Examine the water it is kept in. Check to see if it is dirty. Look to see if there is too much food, indicating that the fish is being over fed, or not eating. These can be telltale signs of poor care, possibly shortening your fish's life.
Look at the other fish. Just because the fish you picked looked healthy, doesn't mean that it hasn't caught an illness from the water a store gives it. It might have caught something from other fish, if it is in a community tank. If many of the other fish nearby seem to be unhealthy, the fish you chose might be, too.
Don't get more than one at a time. Even though it is possible to keep bettas in a tank with other bettas, every fish has a little bit of a different personality. To be sure no fish gets harmed, keep your betta in a tank by itself, and don't buy other fish along with it.
Part 2Setting Up the Tank
- Select the appropriate sized tank. Though many people claim that bettas are happy in very small puddles, these fish actually prefer water that is a foot or two deep, similar to the depth of rice paddies in which they are commonly found.

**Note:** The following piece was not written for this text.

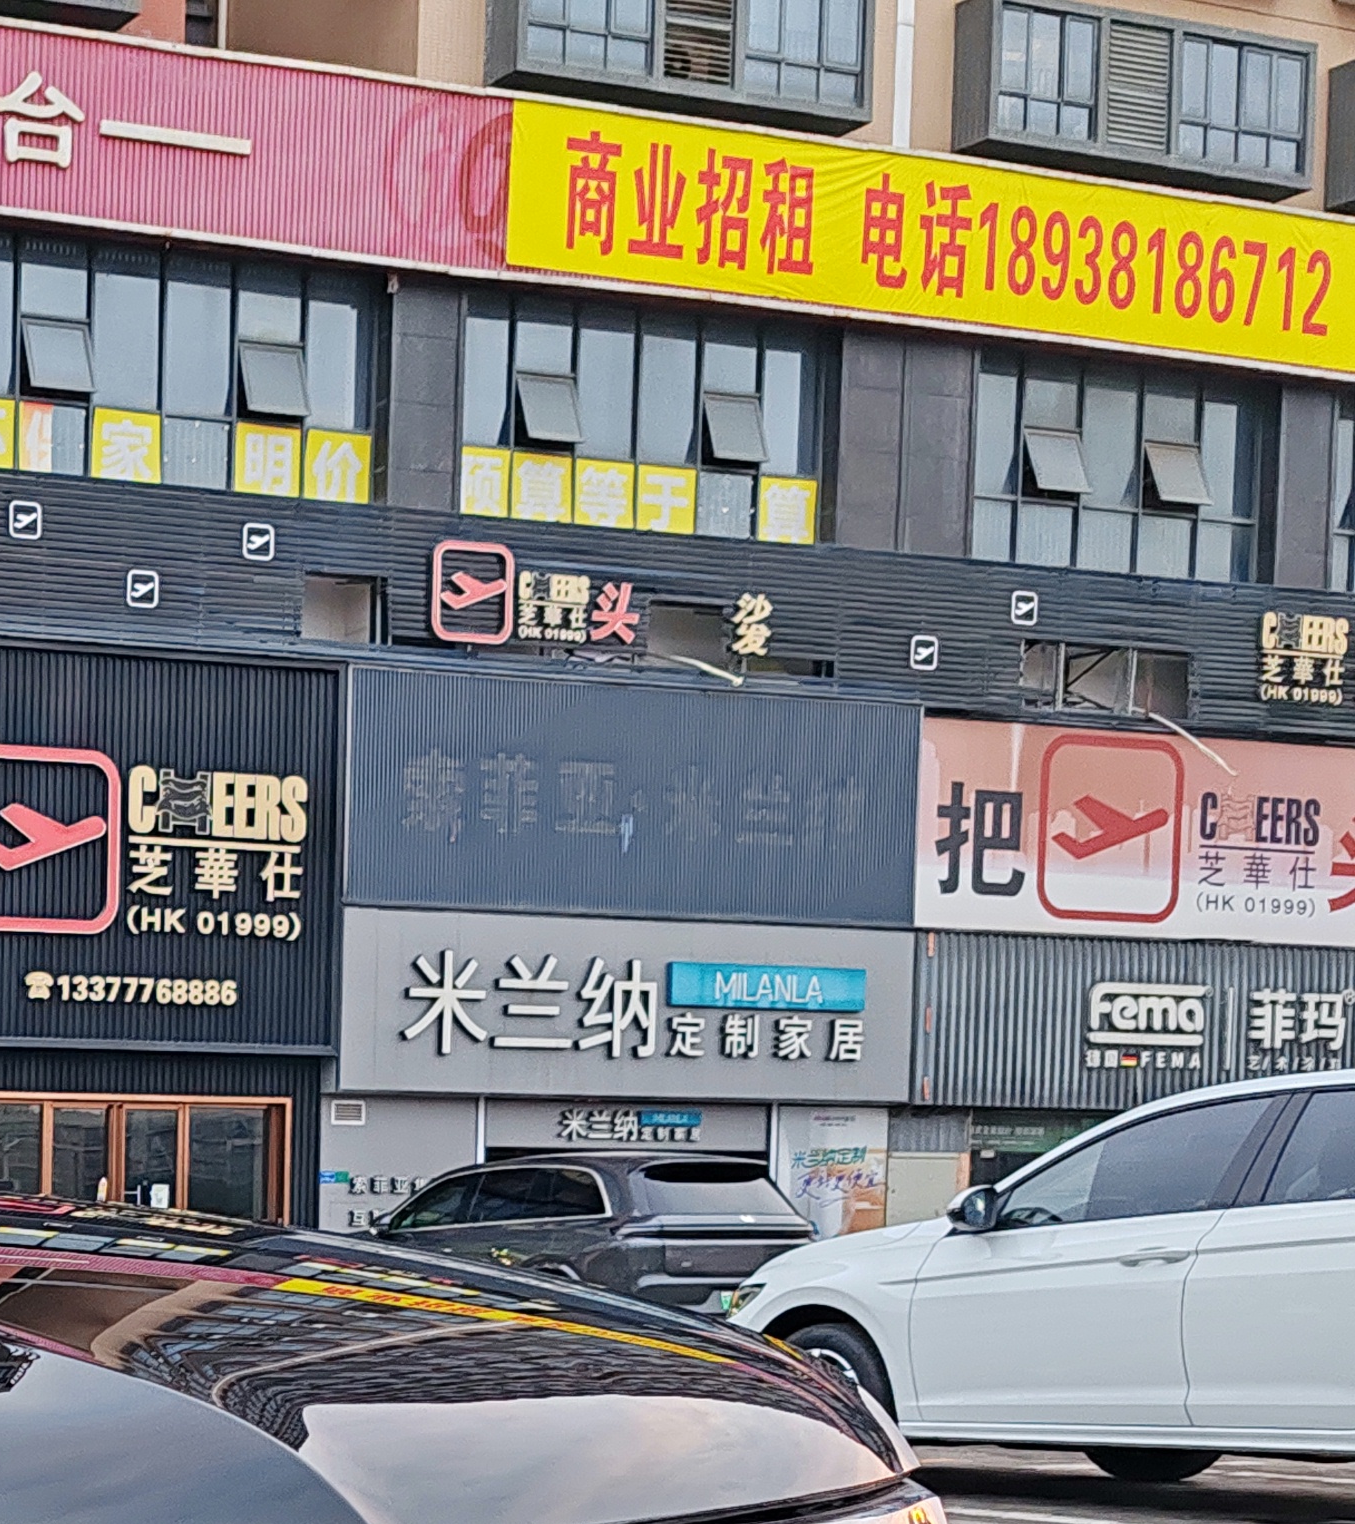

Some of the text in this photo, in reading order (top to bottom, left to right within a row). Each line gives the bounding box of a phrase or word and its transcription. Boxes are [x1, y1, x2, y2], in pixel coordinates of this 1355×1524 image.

Pick a tank that is at least a couple gallons in size, so that your betta has a comfortable amount of space to swim around in. Generally, a tank that is less than two gallons will not be big enough.
- Add plants. Plants make a wonderful addition to your tank. Many people choose artificial plants, because they are lower maintenance. Live plants, though requiring some care, can help to improve the quality of your betta's water by filtering it and adding oxygen. In either case, when selecting live or artificial plants, it is important to avoid those with too hard or sharp of a surface. These can damage the fragile fins of your fish. These are some plants that will be safe for your fish.
- Silk plants
- Live Java ferns
- Live Christmas tree moss
- Add clean water. This is one of the most essential elements of setting up a tank. Adding water straight from the tap can kill your fish. Chemicals such as chlorine and fluoxetine, as well as many others found in tap water, are very harmful to fish. They can significantly harm your fish and decrease their lifespan. It is crucial to buy a water conditioner to add to your tank's water, before you introduce your pet. This water may also need to sit a few days, so that there is enough dissolved oxygen in it for your fish to breathe.

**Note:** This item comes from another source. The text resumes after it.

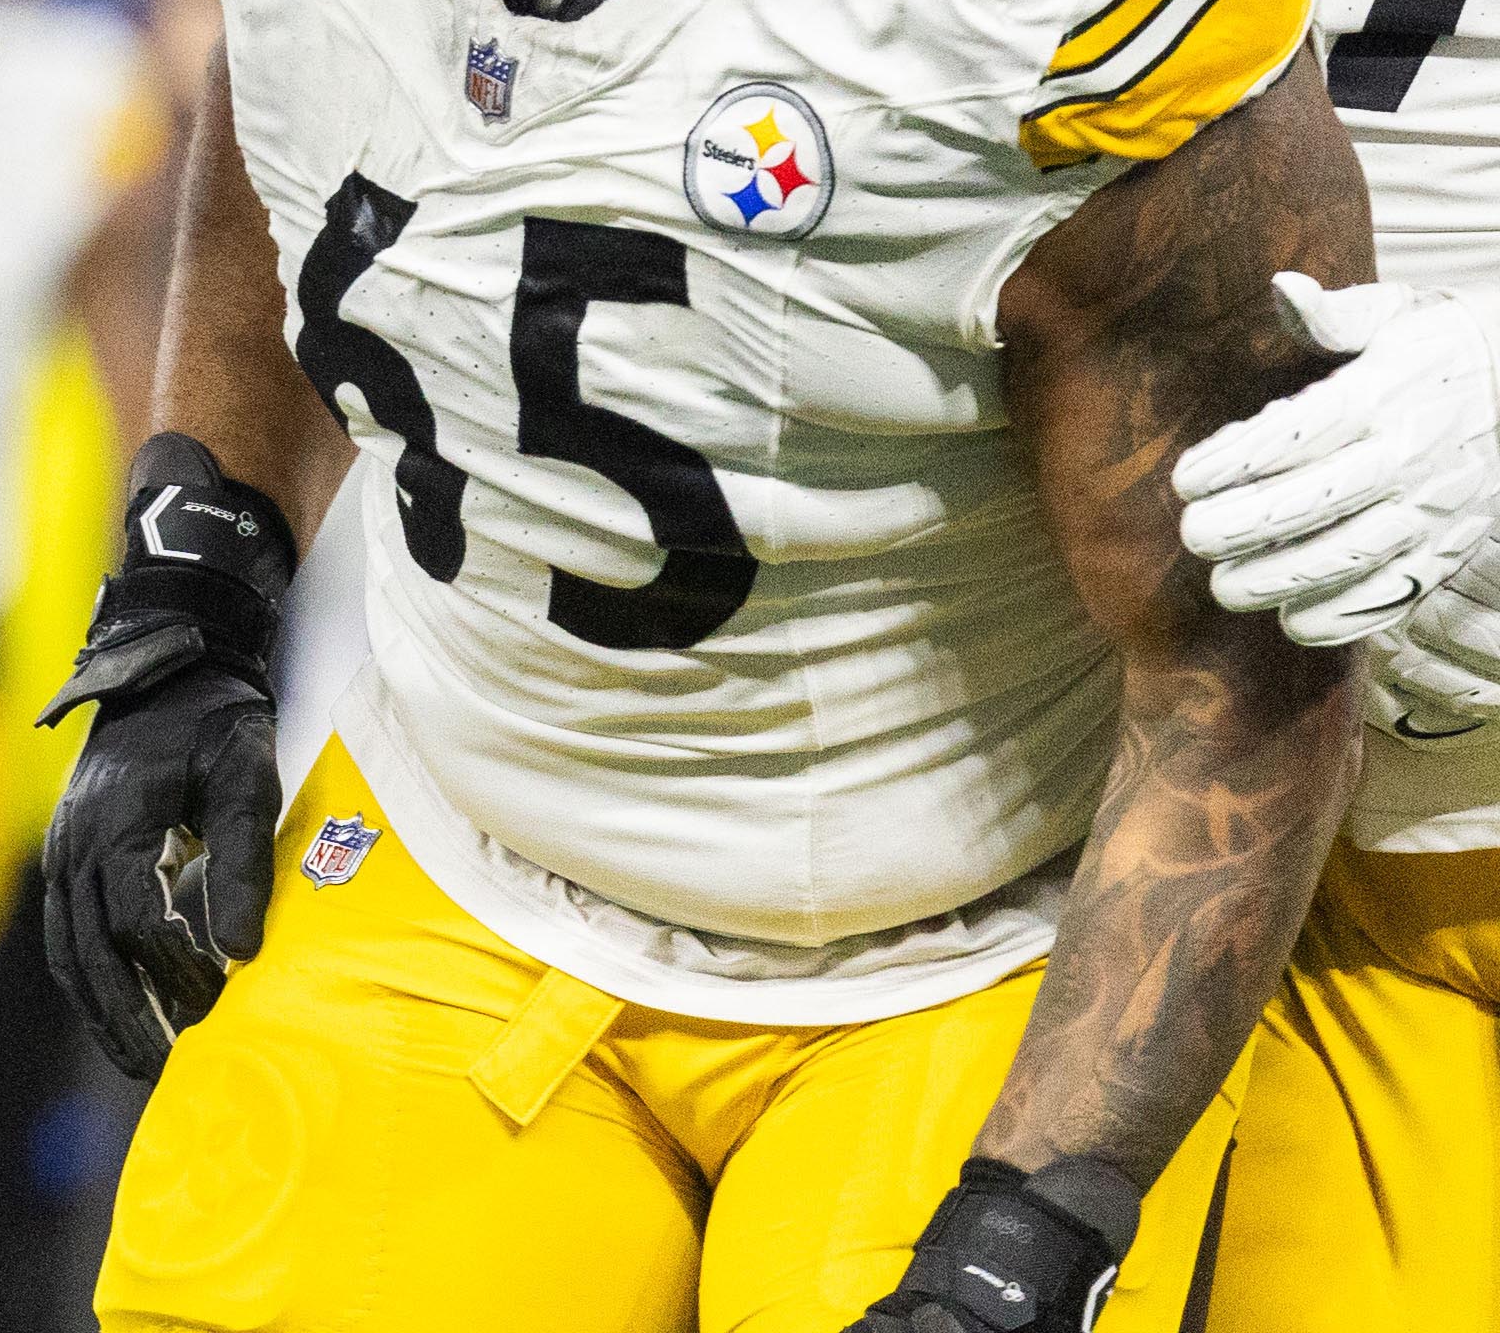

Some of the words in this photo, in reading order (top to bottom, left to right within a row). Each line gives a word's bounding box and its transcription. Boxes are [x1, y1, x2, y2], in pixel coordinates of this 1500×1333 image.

- Warm the water in your tank. When water comes out of the tap, it is not typically the right temperature for your fish. As betta fish are native to Southeast Asia, they prefer warm water. Ideal temperature for their tank ranges from 72-80 degrees Fahrenheit. You may need to buy a heater and thermometer, in order to keep your fish healthy.

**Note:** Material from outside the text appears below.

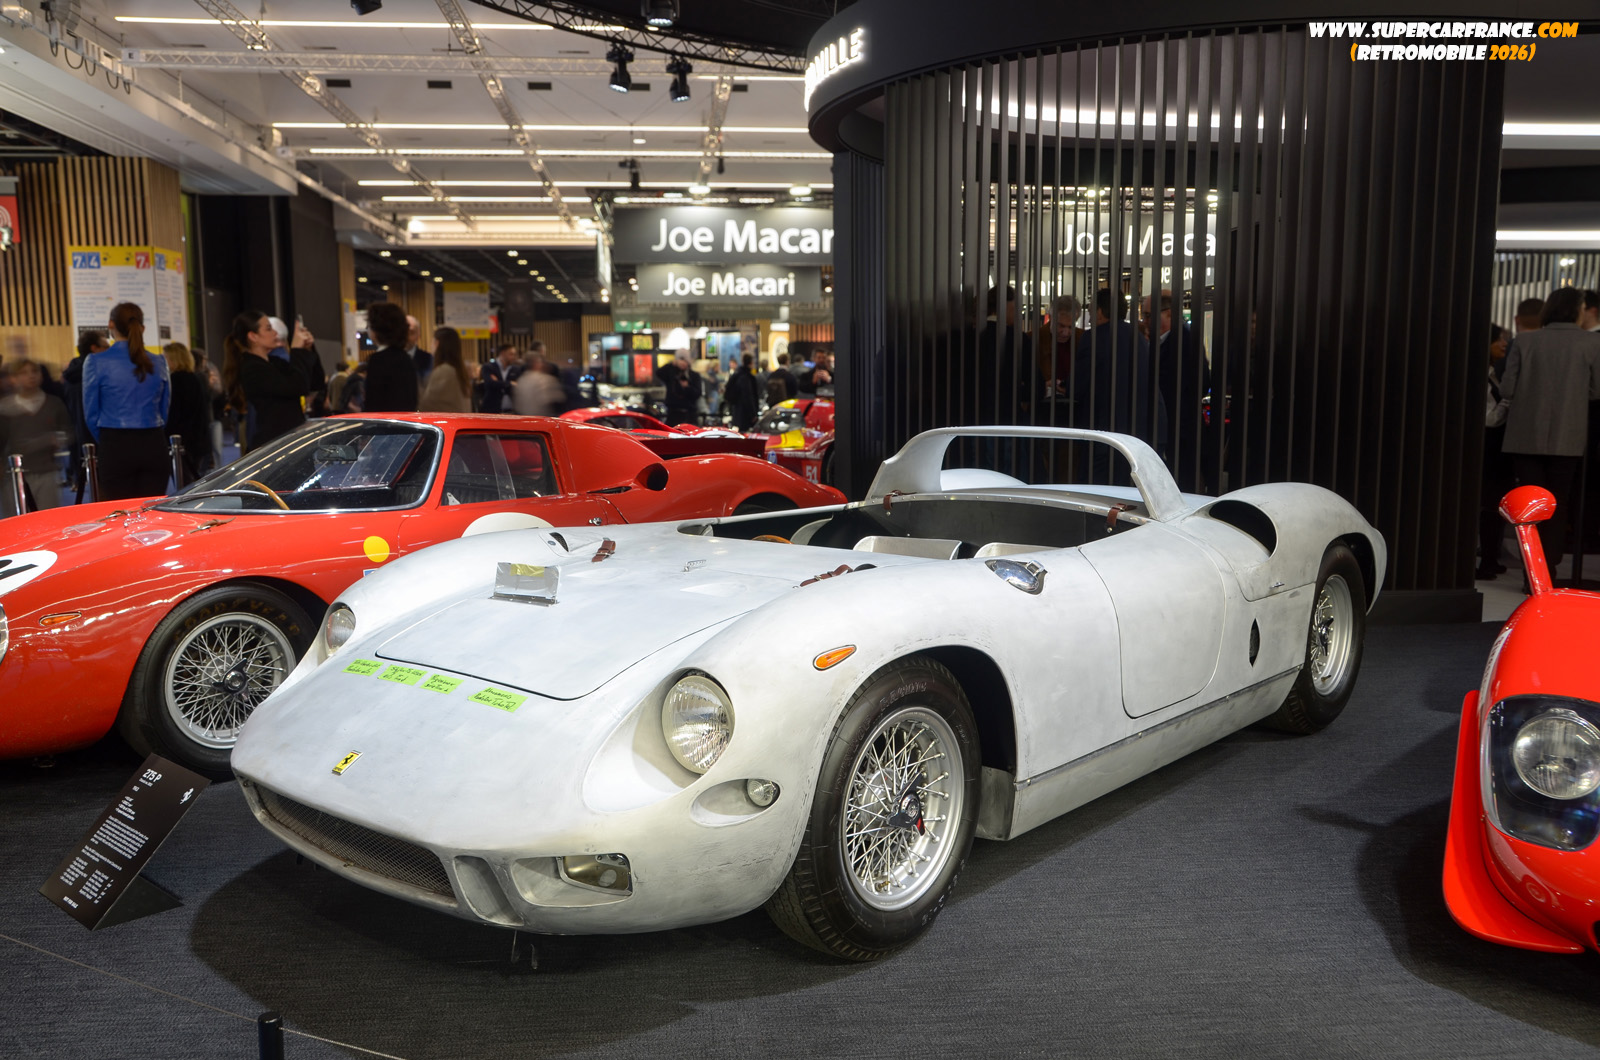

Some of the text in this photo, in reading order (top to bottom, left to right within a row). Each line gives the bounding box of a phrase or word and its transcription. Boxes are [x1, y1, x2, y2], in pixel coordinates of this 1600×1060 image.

- Warm water will make your fish more active, as well as helping with their overall health.
- If they get too cold, they can die.
- When first setting up your tank, it will take some time for the heater to warm the water at first. You should let sit a day or two, before adding your fish.
- In addition, when introducing your fish, it is important to make sure that the water they come from is the same temperature as the water they go into. Let the bag or container holding the fish sit in the new tank's water, long enough to become the same temperature, so the temperature change doesn't shock your fish, causing death.
- Select good tank companions. You can't just put a betta in a tank with any fish. They are aggressive. Two male bettas in a tank together will likely kill each other. Though female bettas can be kept together in a sorority, it is also possible that they may injure each other. Many people opt to keep bettas in solitary tanks, but if you choose to keep them with docile companions, pick appropriate ones.